Upon the execution and delivery of such supplemental Indenture the
resignation or removal of the retiring Trustee shall become effective to the
extent provided therein and each such successor Trustee, without any further
act, deed or conveyance, shall become vested with all the rights, powers, trusts
and duties of the retiring Trustee with respect to the Securities of that or
those series to which the appointment of such successor Trustee relates.
Section 7.09. Successor Trustee by Merger, etc.
If the Trustee as to any series of Securities consolidates, merges or
converts into, or transfers all or substantially all of its corporate trust
business to, another corporation, the successor corporation without any further
act shall be the successor Trustee as to that series.

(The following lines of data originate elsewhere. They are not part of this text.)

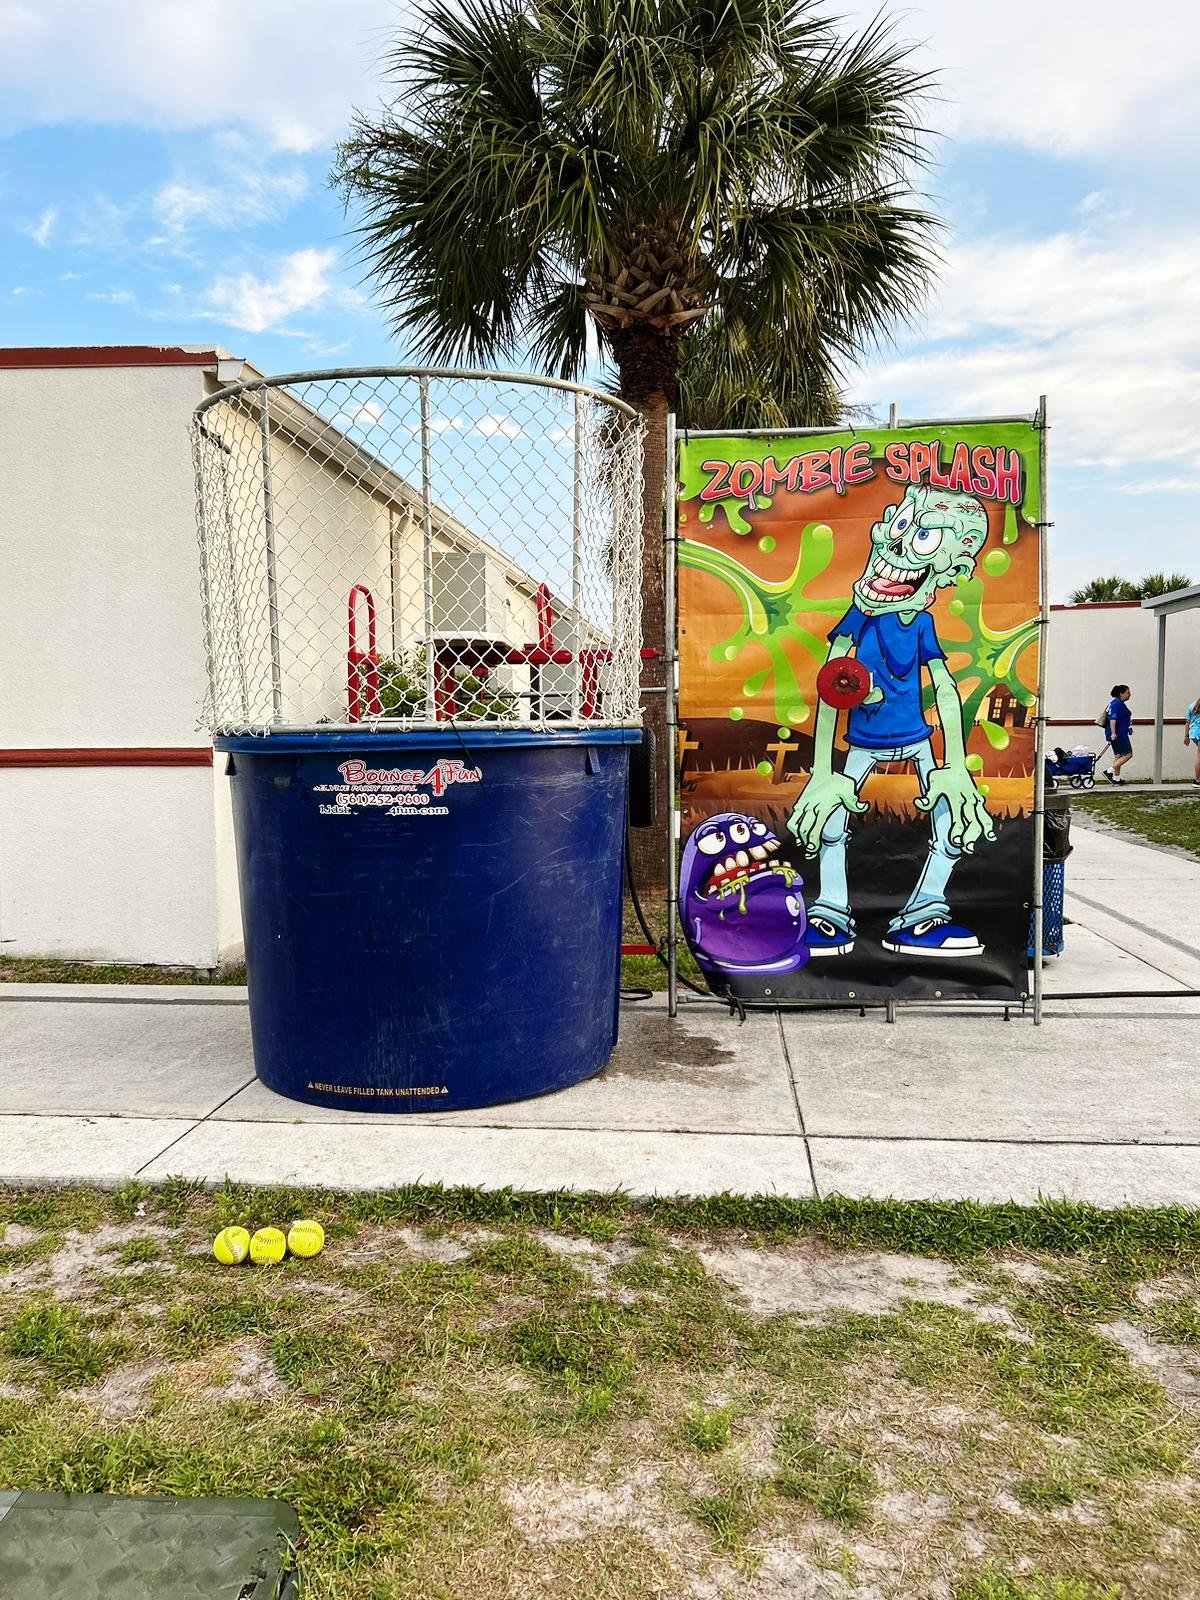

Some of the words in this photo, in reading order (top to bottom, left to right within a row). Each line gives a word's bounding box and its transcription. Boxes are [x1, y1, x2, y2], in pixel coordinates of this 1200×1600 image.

[701, 441, 875, 510] ZOMBIE
[884, 440, 1022, 504] SPLASH
[350, 784, 381, 792] PARTY
[380, 784, 417, 792] RENTAL
[336, 793, 430, 806] (561)252-9600
[314, 1082, 333, 1092] NEVER
[333, 1085, 353, 1095] LEAVE
[353, 1087, 375, 1096] FILLED
[376, 1088, 393, 1096] TANK
[395, 1086, 440, 1096] UNATTENDED

Section 7.10. Eligibility; Disqualification.
Each series of Securities shall always have a Trustee who satisfies the
requirements of TIA sec. 310(a). The Trustee as to any series of Securities
shall always have a combined capital and surplus of at least [$100,000,000] as
set forth in its most recent published annual report of condition.
This Indenture shall always have a Trustee who satisfies the requirements
of TIA sec. 310(a)(1), (2) and (5). The Trustee is subject to TIA sec. 310(b).
Section 7.11. Preferential Collection of Claims Against Company.
The Trustee is subject to TIA sec. 311(a), excluding any creditor
relationship listed in TIA sec. 311(b). A Trustee who has resigned or been
removed shall be subject to TIA sec. 311(a) to the extent indicated therein.
ARTICLE 8
DISCHARGE OF INDENTURE
Section 8.01. Termination of Company's Obligations.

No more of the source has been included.